Even though they’d run all the tests and reassured her the virus didn’t take every time—and back in the first days of the camp it hadn’t—she’d still known. As she lay studying the ceiling, she felt the virus moving around her body, like ice circling her blood. Then it had started to burrow into her tissues.
The foot traffic had slowed, the faces around her changing, becoming grim. She’d ignored them, preferring to look at the back of her eyelids rather than see the mixture of pity and scientific interest. So she pretended to doze when guards had entered the room to stand silently by the door.

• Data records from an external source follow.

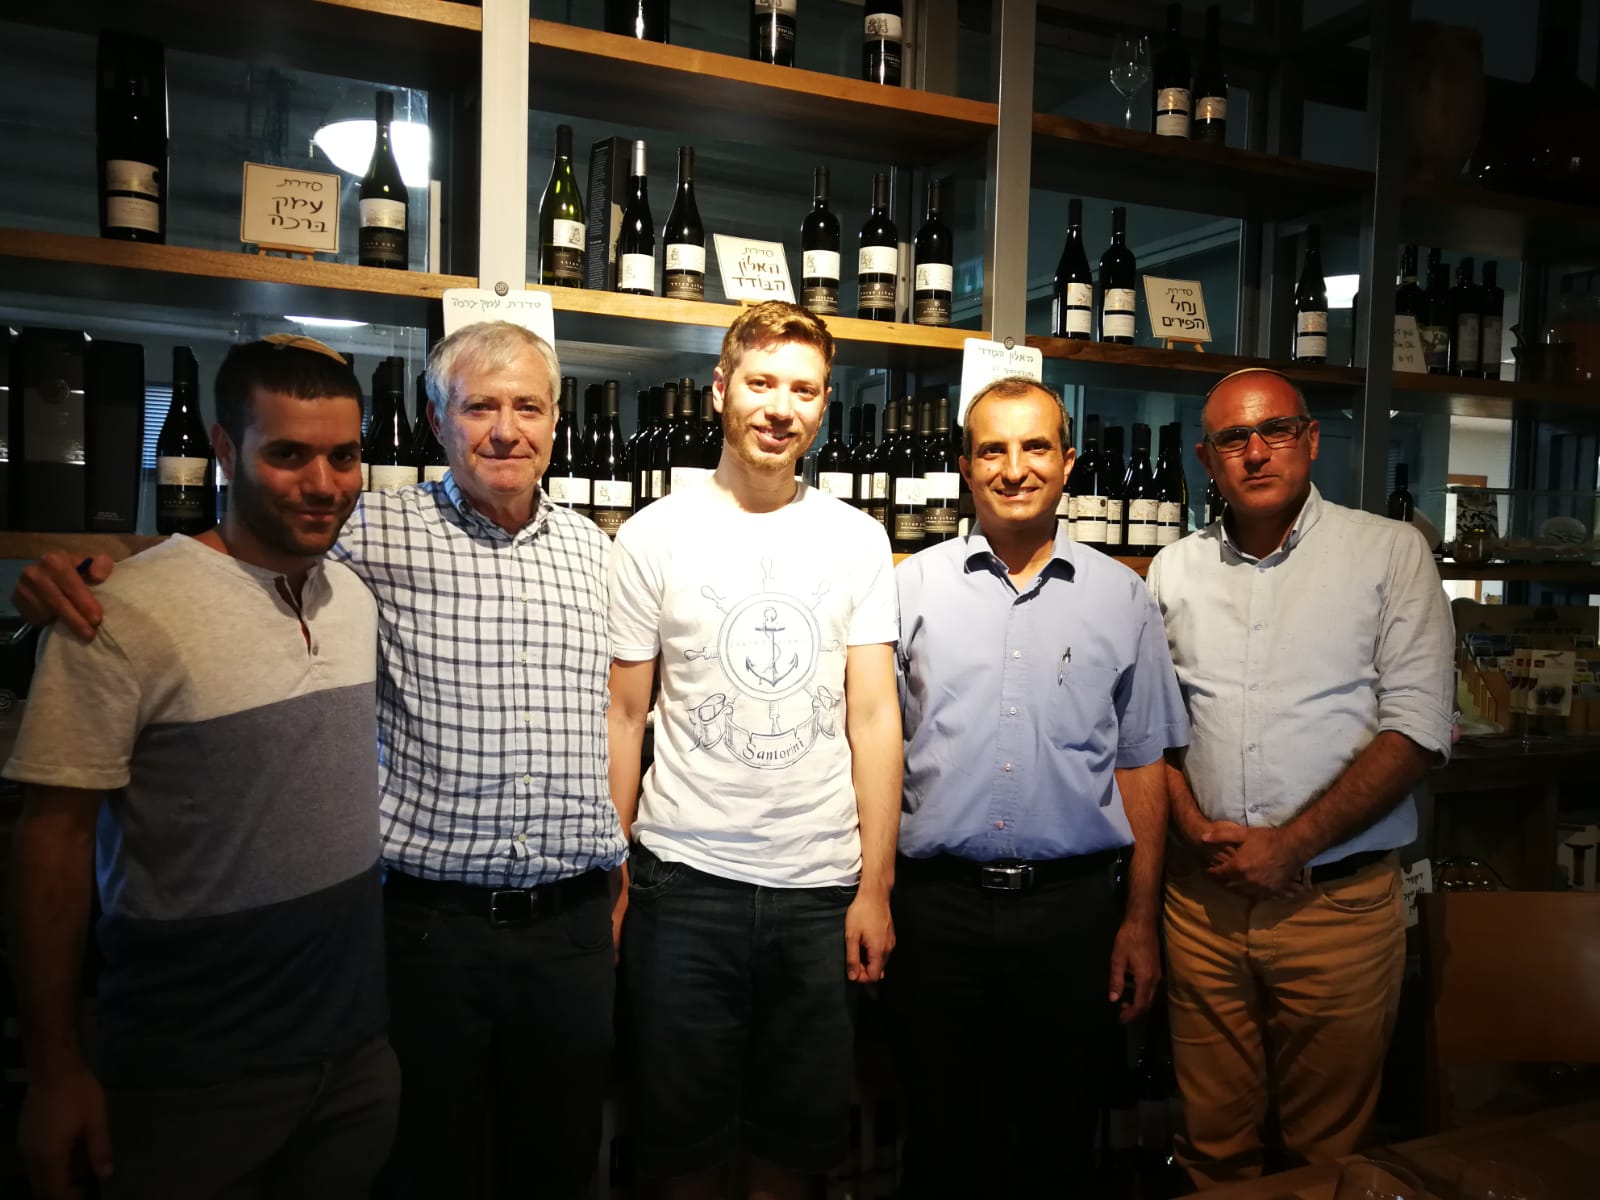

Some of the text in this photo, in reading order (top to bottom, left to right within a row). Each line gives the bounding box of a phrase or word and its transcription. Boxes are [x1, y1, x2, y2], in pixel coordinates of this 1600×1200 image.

[276, 179, 323, 192] סדרת
[271, 196, 324, 215] עמק
[741, 246, 775, 258] סדרת
[1164, 287, 1194, 297] סדרת
[1170, 294, 1197, 316] נחל
[742, 737, 804, 760] Santorini

It had been all downhill from then. Medical personnel had given way to lead scientists. By the time the virus had begun to chew at her insides, turning her guts into a seething mass of fiery snakes, she’d gone from a patient to a subject.
And she’d been a subject ever since.
The slump of her prisoner’s body brought her back to the present. Trying to be gentle, she kept an eye out for movement as she withdrew the needle. He might be sedated but her words to Wilson held true. Out of it or not, he was still a Lycan. While he drew breath, he’d be dangerous. It was dark in the back of the transporter but that made no difference. She could see just as well in pitch black as in daylight.

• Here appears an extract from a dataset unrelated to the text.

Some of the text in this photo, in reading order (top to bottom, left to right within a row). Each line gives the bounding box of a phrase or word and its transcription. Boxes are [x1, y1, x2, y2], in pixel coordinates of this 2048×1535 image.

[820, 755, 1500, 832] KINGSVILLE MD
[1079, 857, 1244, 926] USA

He didn’t move. His tall, leanly-muscled body was lax and at her mercy as she pulled the sharp point from his flesh. Only the smallest curl of his lip indicated he’d felt her movement. She wasn’t naive enough to believe he was unconscious. Instead, she knew the battle was focused inward, on the drugs racing through his system.
She sat back on her heels and resisted the urge to make comforting noises. What was the point? She was transporting him to base, and the Project knew he’d been holding out on them. The best he could expect was intense interrogation, Project style. Which meant they’d beat the shit out of him while his animal was locked down with silver. The worst was a silver bullet to the back of the head, and then an unmarked grave out in the desert somewhere.

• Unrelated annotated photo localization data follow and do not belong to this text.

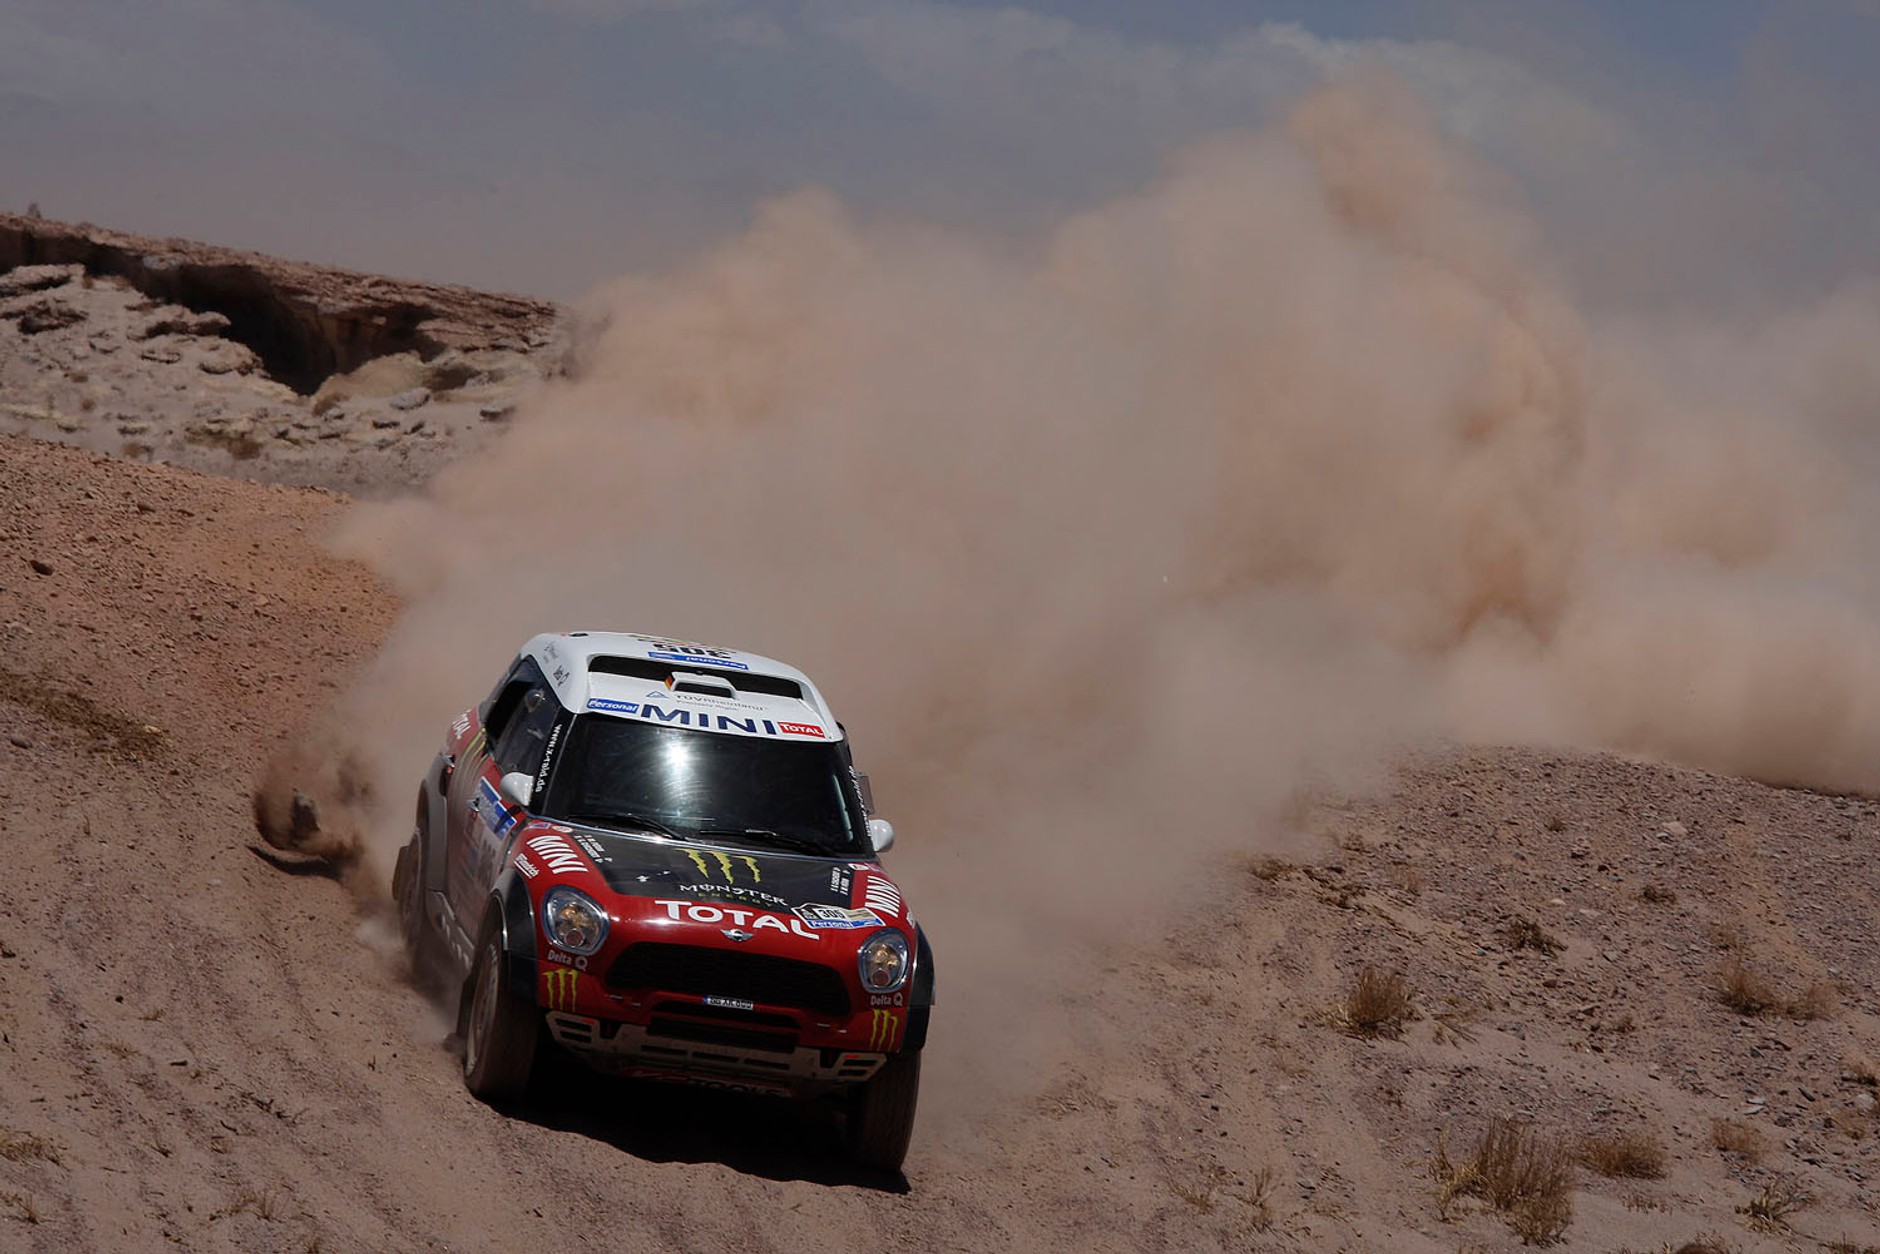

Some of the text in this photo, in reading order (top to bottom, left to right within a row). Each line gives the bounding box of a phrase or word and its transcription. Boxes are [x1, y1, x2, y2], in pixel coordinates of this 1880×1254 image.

[588, 699, 638, 713] Personal
[641, 704, 777, 735] MINI
[780, 722, 824, 738] TOTAL
[526, 835, 589, 874] MINI
[679, 884, 789, 906] MONSTER
[864, 875, 901, 918] MINI
[654, 900, 820, 940] TOTAL
[812, 920, 854, 928] Personal
[547, 950, 588, 972] Delta Q
[870, 992, 904, 1007] Delta Q

No noble end for a Project soldier.
Her own grave would be out there.
She bagged the used needle with quick movements. No sense in taking chances. Grimly, she ignored the bead of blood which detached itself from the injection site and rolled down his arm. A big, fat ball, bright and luscious. Like a cherry just waiting for her to take a bite. No matter how much she needed to feed, no matter how good that drop of blood smelled, she couldn’t. Had he been human—one of her men—then yes. She’d have been all over him like a bad rash. Wrapped herself around him and rubbed her body against his before sinking her fangs into the thick vein at his throat.
He’d taste good. She knew he would. Despite the fact he was Lycan, his scent continued to taunt and tease. Her lips compressed and she shifted on the hard floor to stop the checker plate from biting into her knees. She should have worn knee pads. But no one had told her she’d be in the back of one of the transporters, shooting up a captured Lycan.
The movement had her brushing against his leg, and his scent billowed up like a sheet to wrap her in its embrace. Reaching deep inside her to reawaken the interest she’d thought dead, like her humanity. An interest she didn’t want to have to deal with at the moment. Not with the possibility of a cure almost within reach.
Shaking her head to banish the maddening scent, she tucked the yellow sharps disposal bag into a side pocket on the med-kit. Leaving the main compartment open, she shifted the kit to the other side of the truck bed. Always aware, even a slight flinch from the guy spread out over the cold metal floor got her instant attention.
As she watched, his muscles bunched and twitched, and his eyes rolled into the back of his head, like a dog in the middle of a running dream. But she knew better. This was no dream. Snarls slipped from his mouth as he fought the drugs, the corners of his lips curled back to reveal canines sharp enough to rival hers.
Her heart skipped a beat and sped up. Energy punched through her system. Should she load up a second shot? He looked asleep now but Lycans could be unpredictable. One moment they’d be so far under that the sandman would have trouble finding them, and the next wide awake and ready to go toe–to-toe with anything standing in their way.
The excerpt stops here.